Let's not dismiss the man completely. A lot of the blame has to lie with the lack of creativity in those that followed him. Rather than just producing clones of Middle Earth they could have tried something new, but nooo...

As far as the Babylon 5 connection, mentioned below, goes its main influence on me was in the way the programme was planned. Rather than have the 'Star Trek reset button' where at the end of every episode things have returned to the way they were before the show's creator opted to have a five year plan. Though many episodes would be entirely self contained there would be an underlying narrative that would drive the story forward so that the universe at the end of five years would be very different from the one at the end. That also allowed him to drop storylines into the first season that would not reach fruition until two, three or four years later. It required a lot more sticking with than Star Trek (Miss an episode, who cares? Everything's still the same...) as it often made veering changes in a single episode (Whoa! They're at war? I knew they didn't like each other but...) and best of all showed a wonderful callousness in killing off members of the ensemble cast.

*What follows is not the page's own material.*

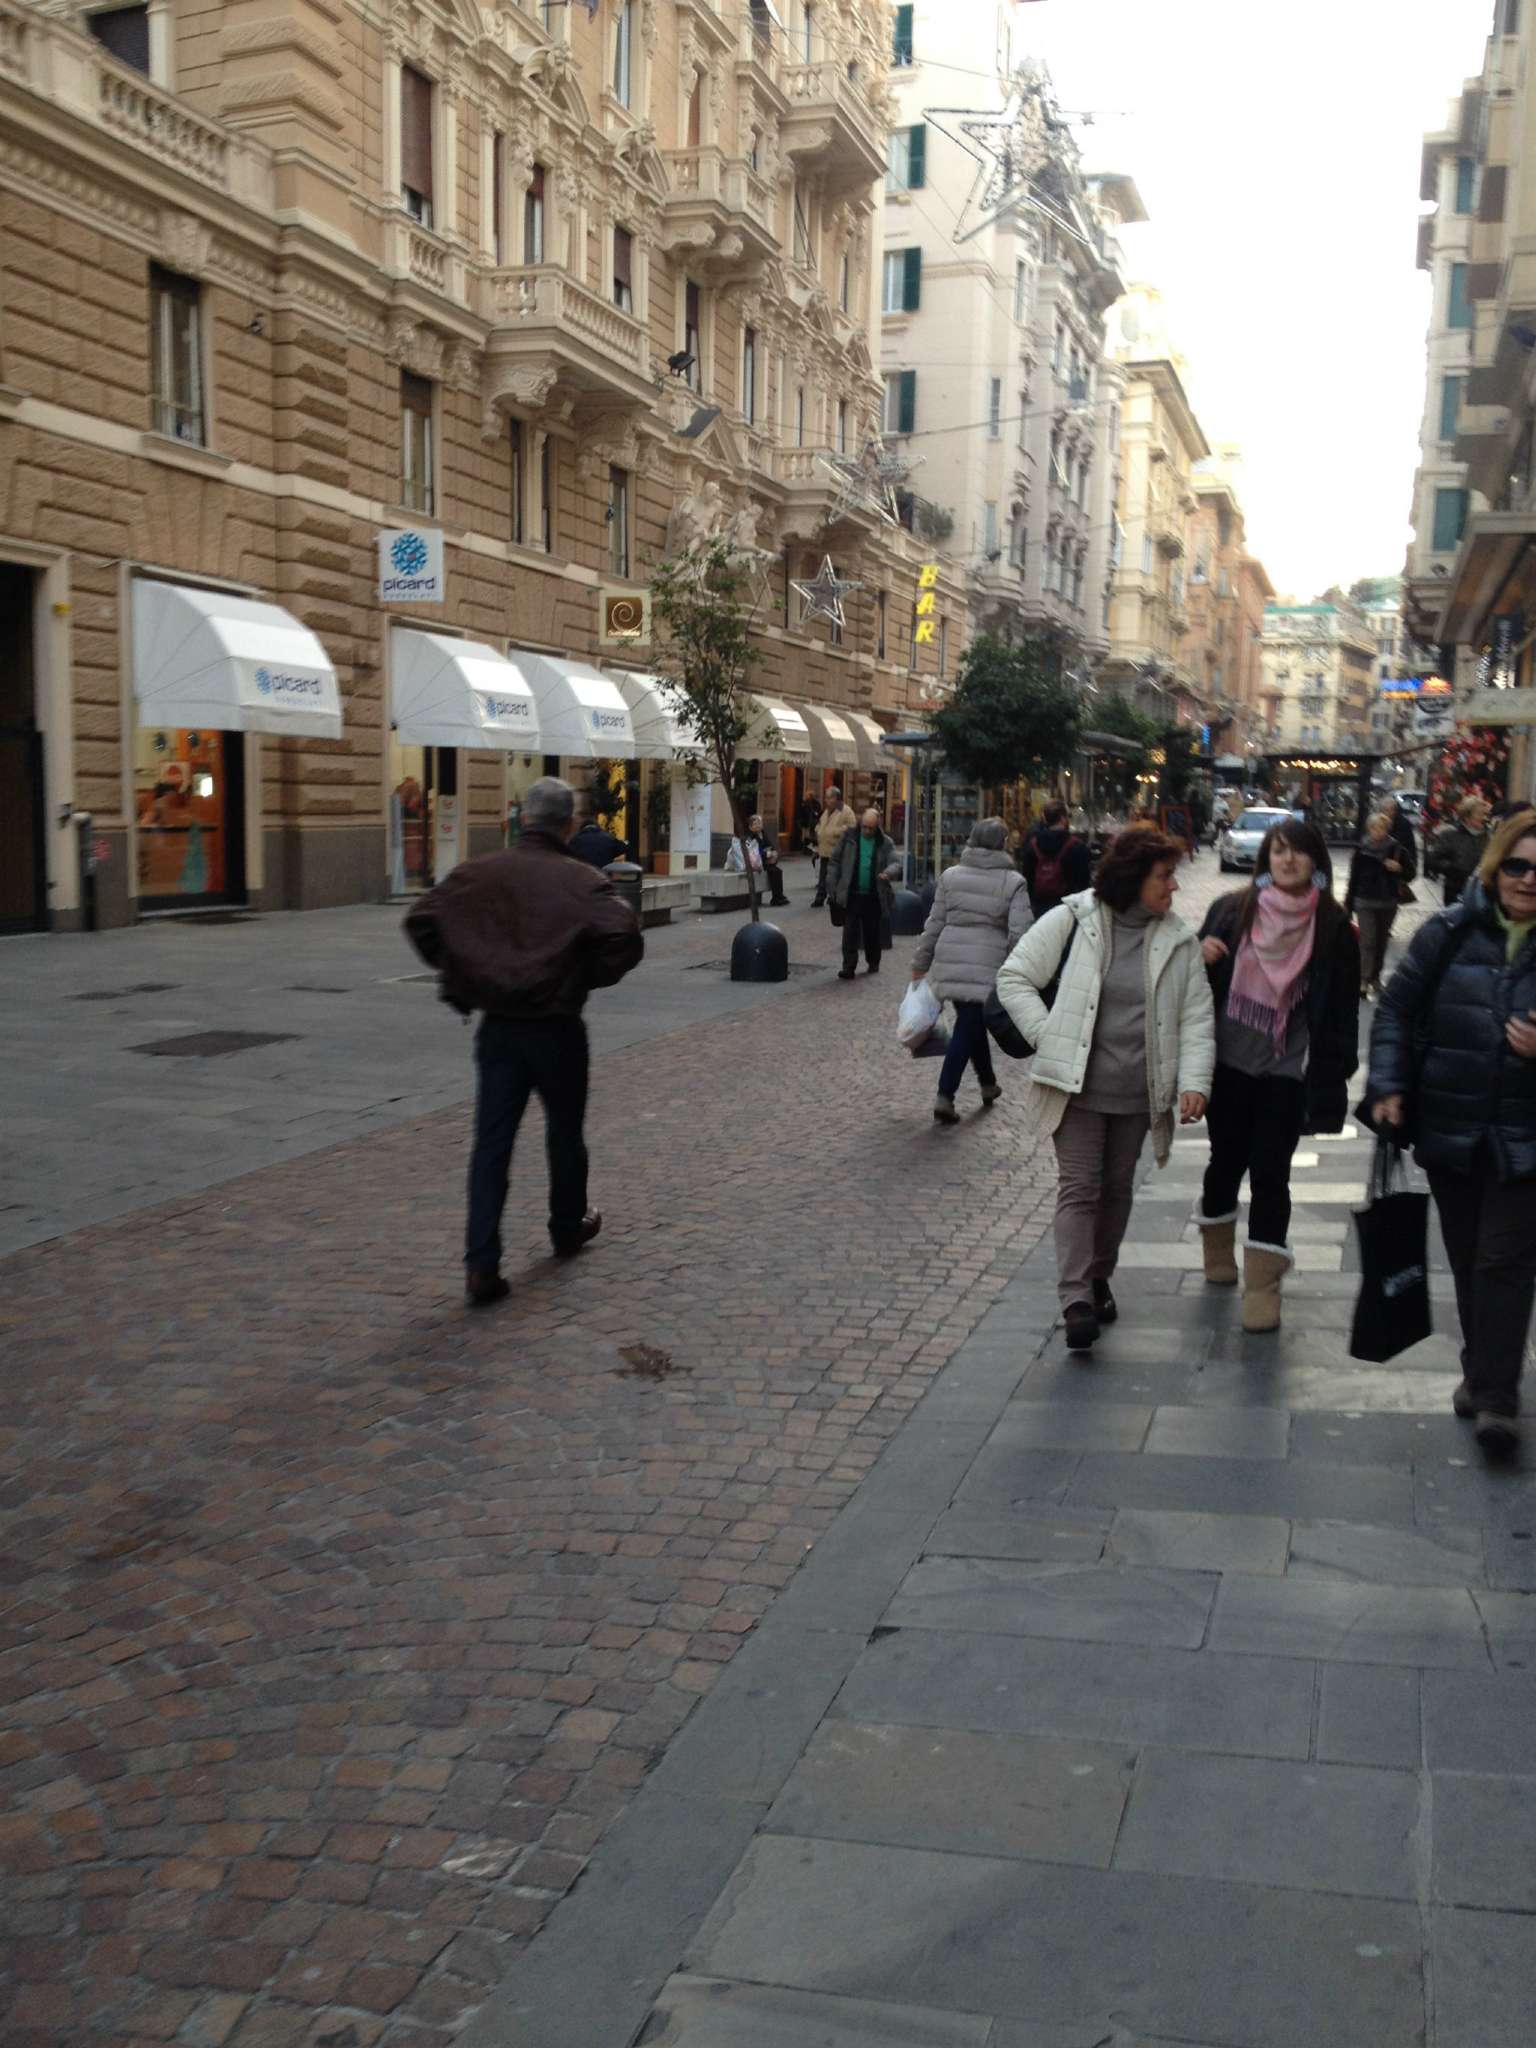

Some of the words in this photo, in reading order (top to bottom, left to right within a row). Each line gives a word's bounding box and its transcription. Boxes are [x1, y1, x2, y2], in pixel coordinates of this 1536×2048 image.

So how does this connect to the Dark Age campaign?

Well, basically because I started the campaign with a five-season plan. I have a good idea where the main plotline of the campaign is going (at least all the parts the party can't prevent from happening) although I'm leaving myself oodles of wiggle room to play with. We're currently still in Season One (This Sceptred Isle) which is where I decided to concentrate on introducing some of your chief allies (Arthur, Myrddin) and adversaries (Gorfyddyd, Cerdic, Aelle). The main plotline is only tangentially impacting on the course of the stories, although that will increase as we head towards (what I call in my head) Season Two.

Hmm, this talk of my campaign as if it's a TV show reminds me of a conversation I had with Craig a while back. We were discussing the different styles of my campaign and Ed's. I made the comparison that I felt my game was more like a TV show and Ed's was more like a novel. In Ed's campaign we tend to have longer storylines spread out over several meet-ups/chapters, with the breaks tending to come at dramatic points like the ends of chapters. With my game I try and have a beginning, a middle and an end to each meet-up's game, like an episode in a show, even if I have lots of lingering plotlines that run into the next game/episode, leading up to a season finale.

Anyway, that's this week's "How I Made My Campaign" feature. Next week, the role of Asterix the Gaul and other historical fictions...

Alex


Tolkein's got a lot to answer for, if you ask me.

Andy


One of Andy's comments on the Q&A page recently got me thinking and I thought it might be interesting to explain a little bit about why the Dark Age campaign came about. One thing I've always disliked about standard fantasy worlds is the ghettoisation; you know, elves live with elves in the woods, orcs live with orcs in the caves, dwarfs live with dwarfs in the mountains and so on. Whenever some place is described as being cosmopolitan and open to all it usually means its the equivalent of New York and is mostly human with other races having small communities there. One of the things I wanted to achieve in the Dark Age campaign was to break that stereotype and have a world where all the races mixed as one and where culture wasn't defined by race. For example, in most fantasy worlds an orc's best friend is most likely to be another orc and he hates all humans. In the Dark Age world if one orc and the human are British and the other orc is a Saxon then the British orc and the human would be more likely to be friends, regardless of the orcs being the same species.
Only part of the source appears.